The economy and taxes joined health care policy when it came to what many Bergen County residents found to be the most important issues in the upcoming election.

Booker’s star power does not seem to hurt either.

“He’s got name recognition.  I think that’s his strongest suit,” Hackensack resident Mark Stein said of Booker, who has over a million Twitter followers and friends like Oprah.

“I’ve never run into a burning building and I’m not friends with Mark Zuckerberg,” Holt joked in his address to Wednesday’s crowd. Holt uses the same line in an introductory campaign video in which he states that he is no Cory Booker.

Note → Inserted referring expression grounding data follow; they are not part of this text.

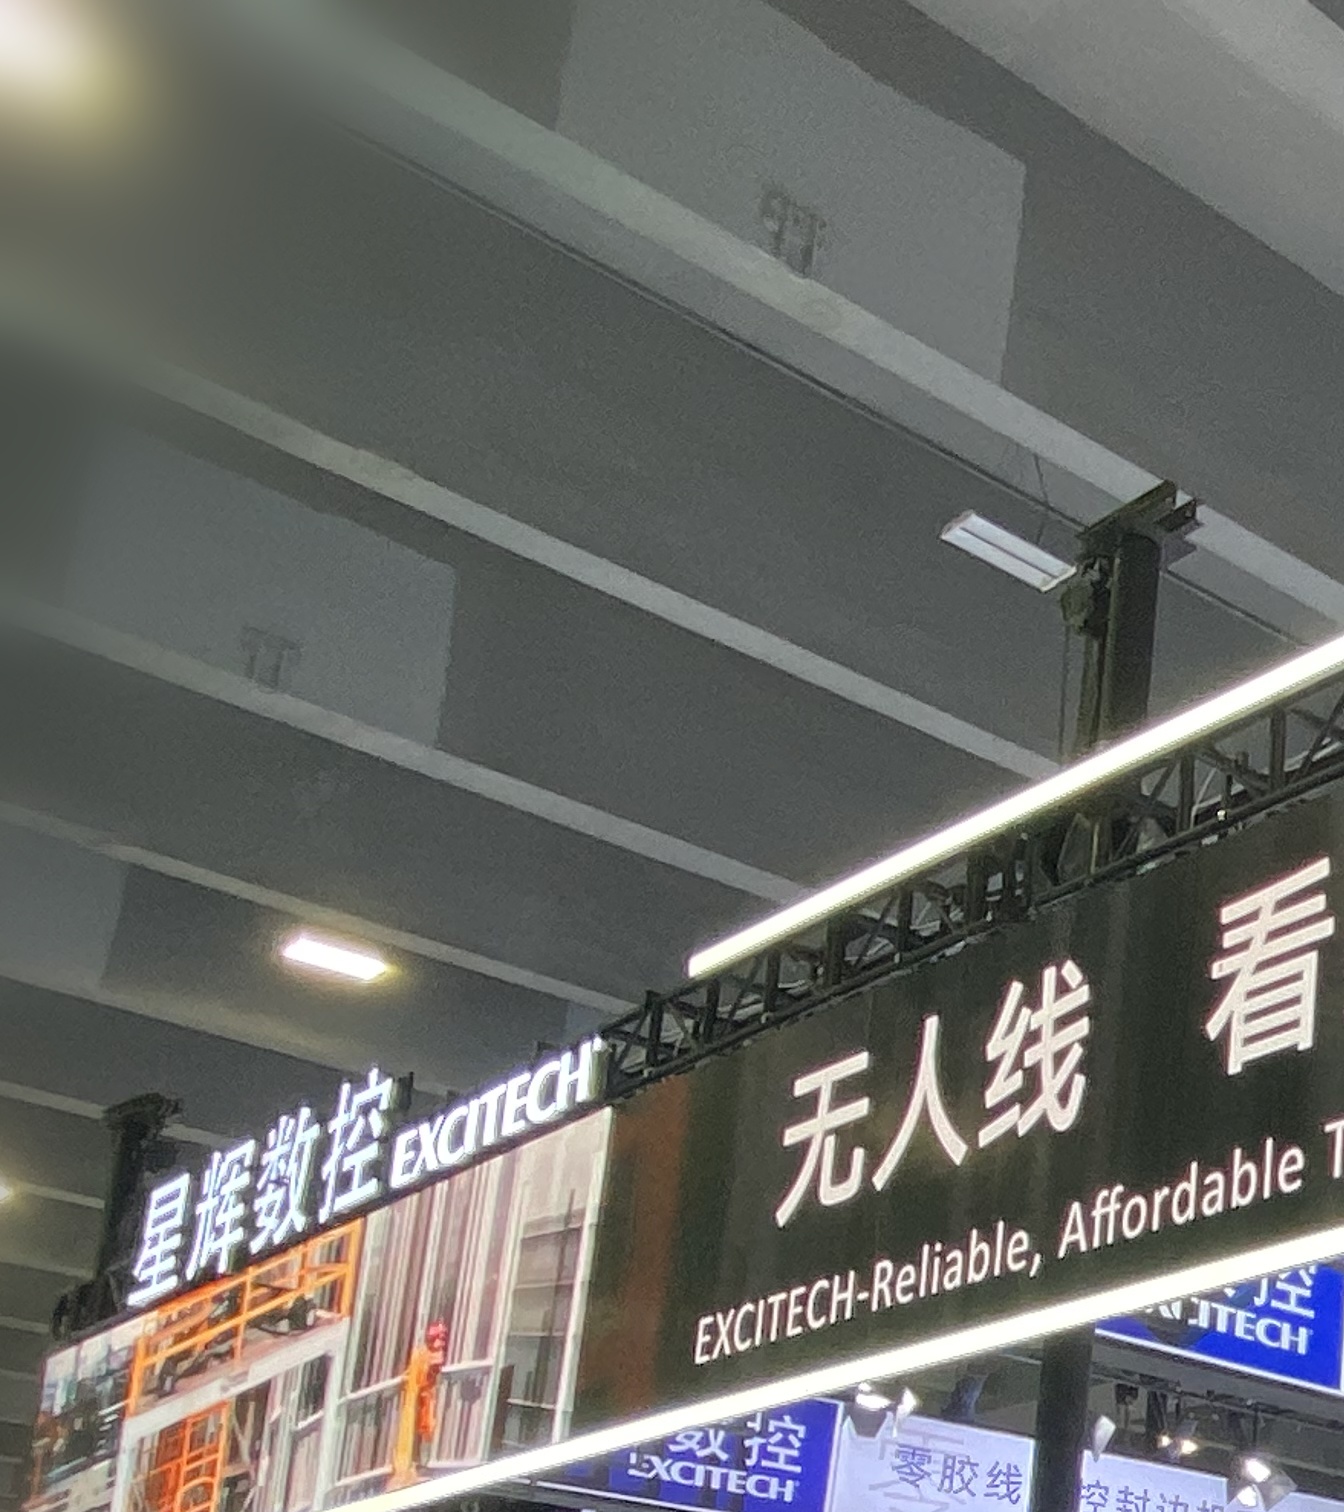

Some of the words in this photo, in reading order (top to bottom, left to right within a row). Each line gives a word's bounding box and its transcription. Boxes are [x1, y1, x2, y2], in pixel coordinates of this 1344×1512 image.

[126, 1066, 396, 1307] 星辉数控
[390, 1038, 600, 1188] EXCITECH
[774, 958, 1094, 1229] 无人线
[692, 1219, 1043, 1365] EXCITECH-Reliable,
[1057, 1137, 1305, 1260] Affordable
[890, 1445, 1025, 1506] 零胶线
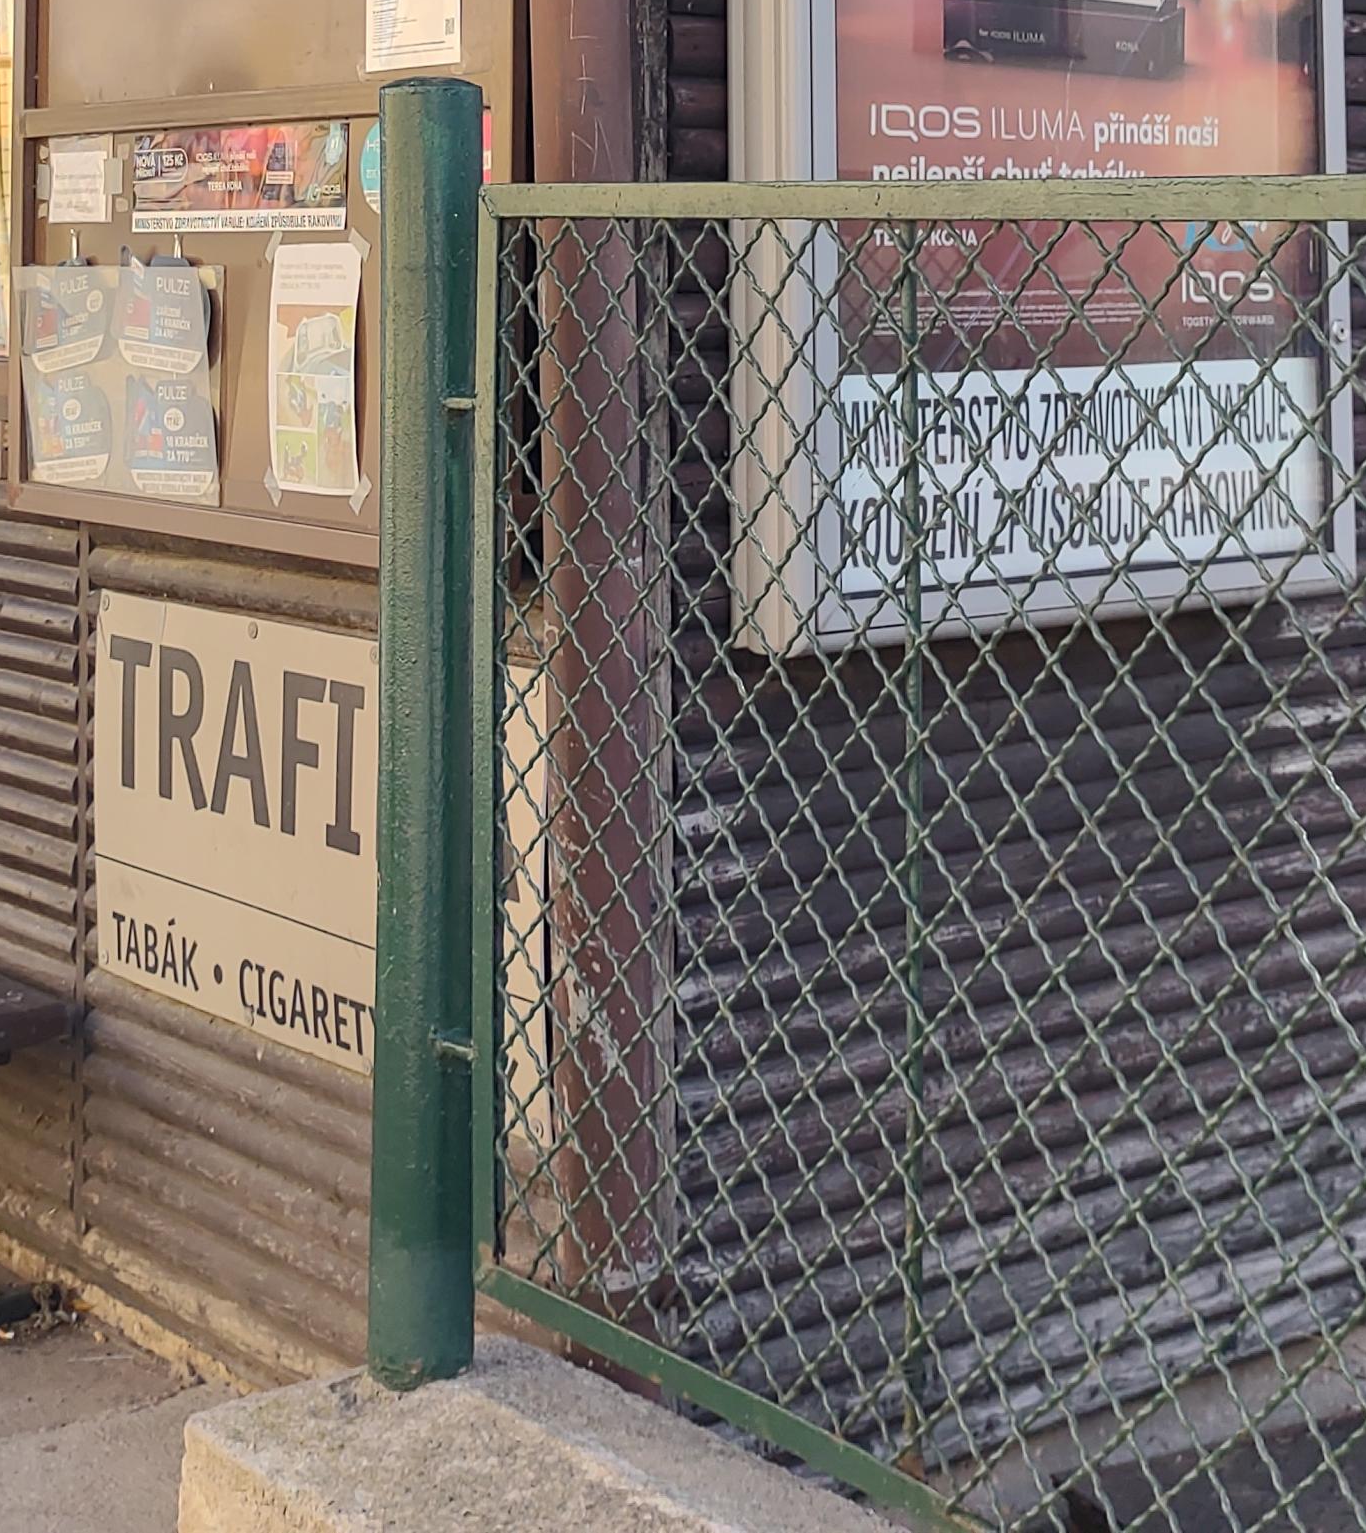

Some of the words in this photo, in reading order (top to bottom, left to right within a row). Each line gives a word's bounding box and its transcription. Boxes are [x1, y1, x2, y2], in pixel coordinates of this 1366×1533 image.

[1012, 30, 1046, 44] ILUMA
[870, 103, 981, 142] IQOS
[991, 107, 1085, 141] ILUMA
[1094, 112, 1171, 152] přináší
[1175, 116, 1218, 147] naši
[156, 276, 191, 296] PULZE
[58, 376, 84, 393] PULZE
[158, 386, 188, 400] PULZE
[840, 394, 1031, 470] MINITERSTVO
[110, 634, 365, 856] TRAFI
[112, 911, 199, 992] TABÁK

But, Booker’s evident support did not come without criticism Wednesday night. 

In particular, Booker’s partiality towards charter schools is something Bernice Rainieri, who has worked in education for 50 years, calls a “big mistake.”

For former Bergenfield Mayor Kevin Clancy, who donned a green Frank Pallone sticker at Wednesday’s event, it is the laying off of 160 Newark police officers due to budget cuts over two years ago that he disagrees with.

“I don’t particularly like people who lay off public workers,” Clancy said.  “That’s the one gripe I have with Cory Booker, that he laid off police officers.”